But he wasn’t always romantic and funny. He’d get upset over things like my liking peas. I wasn’t allowed to read fiction or to write poetry. No issue was too small for him to carp on for hours or days. It only ended if I cried or agreed I was wrong to like peas when carrots were so superior.

Sometimes he would throw a blanket over me very tightly and hit me, creating thigh-sized bruises. He would tell me he was joking and to imagine what would happen if he really wanted to hurt me. He’d been in the service and talked about murdering people, including those who had crossed him. He threatened to burn down the house with my daughter and me inside. I stayed because I thought he’d kill us if we left.
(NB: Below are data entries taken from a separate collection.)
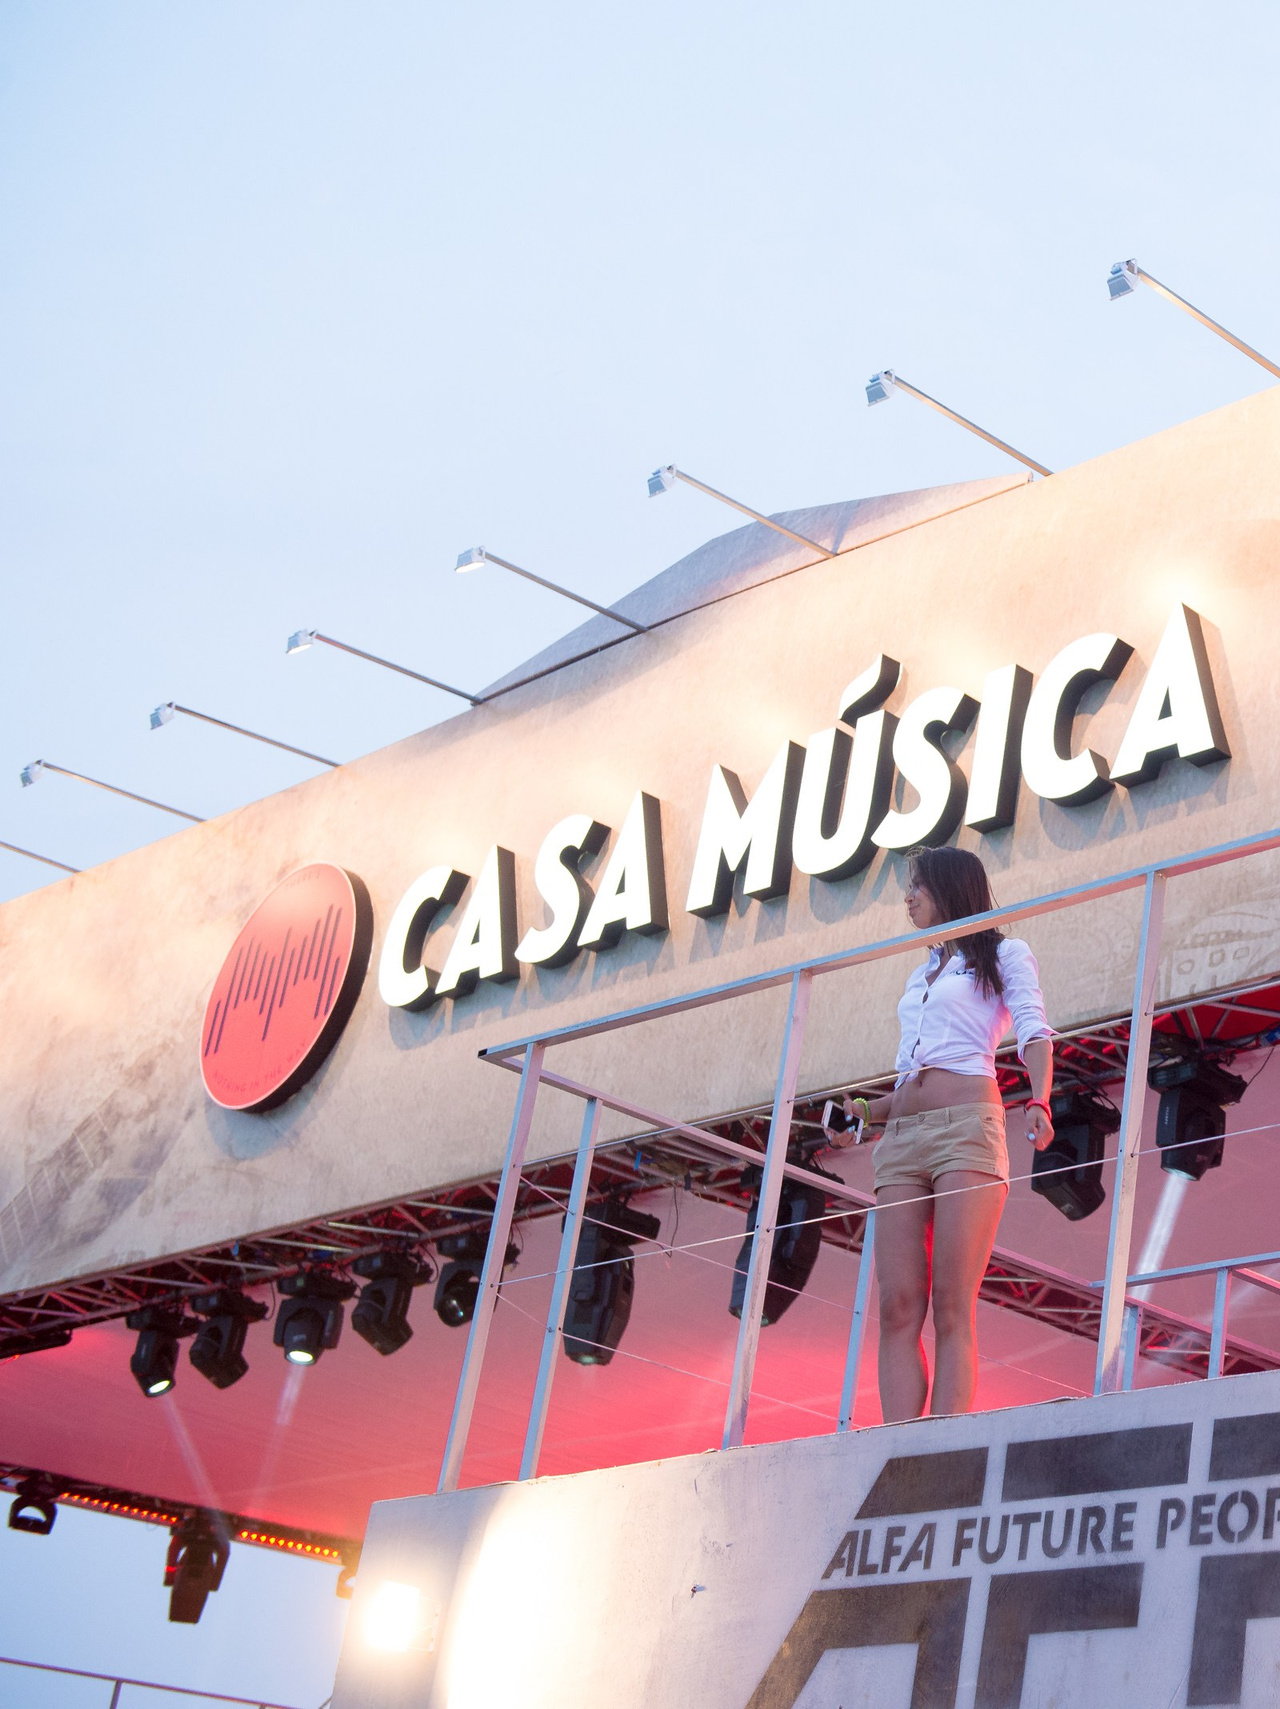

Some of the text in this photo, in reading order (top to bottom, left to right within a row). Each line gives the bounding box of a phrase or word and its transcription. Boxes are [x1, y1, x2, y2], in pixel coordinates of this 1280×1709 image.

[379, 603, 1231, 1012] CASA MÚSICA
[213, 1070, 246, 1092] NOTHING
[250, 1079, 260, 1089] IN
[822, 1523, 934, 1578] ALFA
[952, 1501, 1134, 1566] FUTURE
I worked in a psychiatric setting as a nurse and would tell abused women, “You don’t deserve this.” But I didn’t realize what was happening to me was domestic violence until my closest friend pointed out that her husband didn’t spend hours dwelling on her faults. Sometimes I’d be a space cadet at work, asleep on my feet, because my husband would yell at me all night for several nights in a row. Sometimes when he was raging, I’d stay off work altogether, get my daughter to a safe place and get myself calm enough to return to a stressful job.

Two events triggered my leaving my husband. I’d become very close to a woman who hanged herself when she was discharged back home to her abusive husband. Secondly, another woman’s husband set her on fire. Through them, I could see my future. I decided to leave.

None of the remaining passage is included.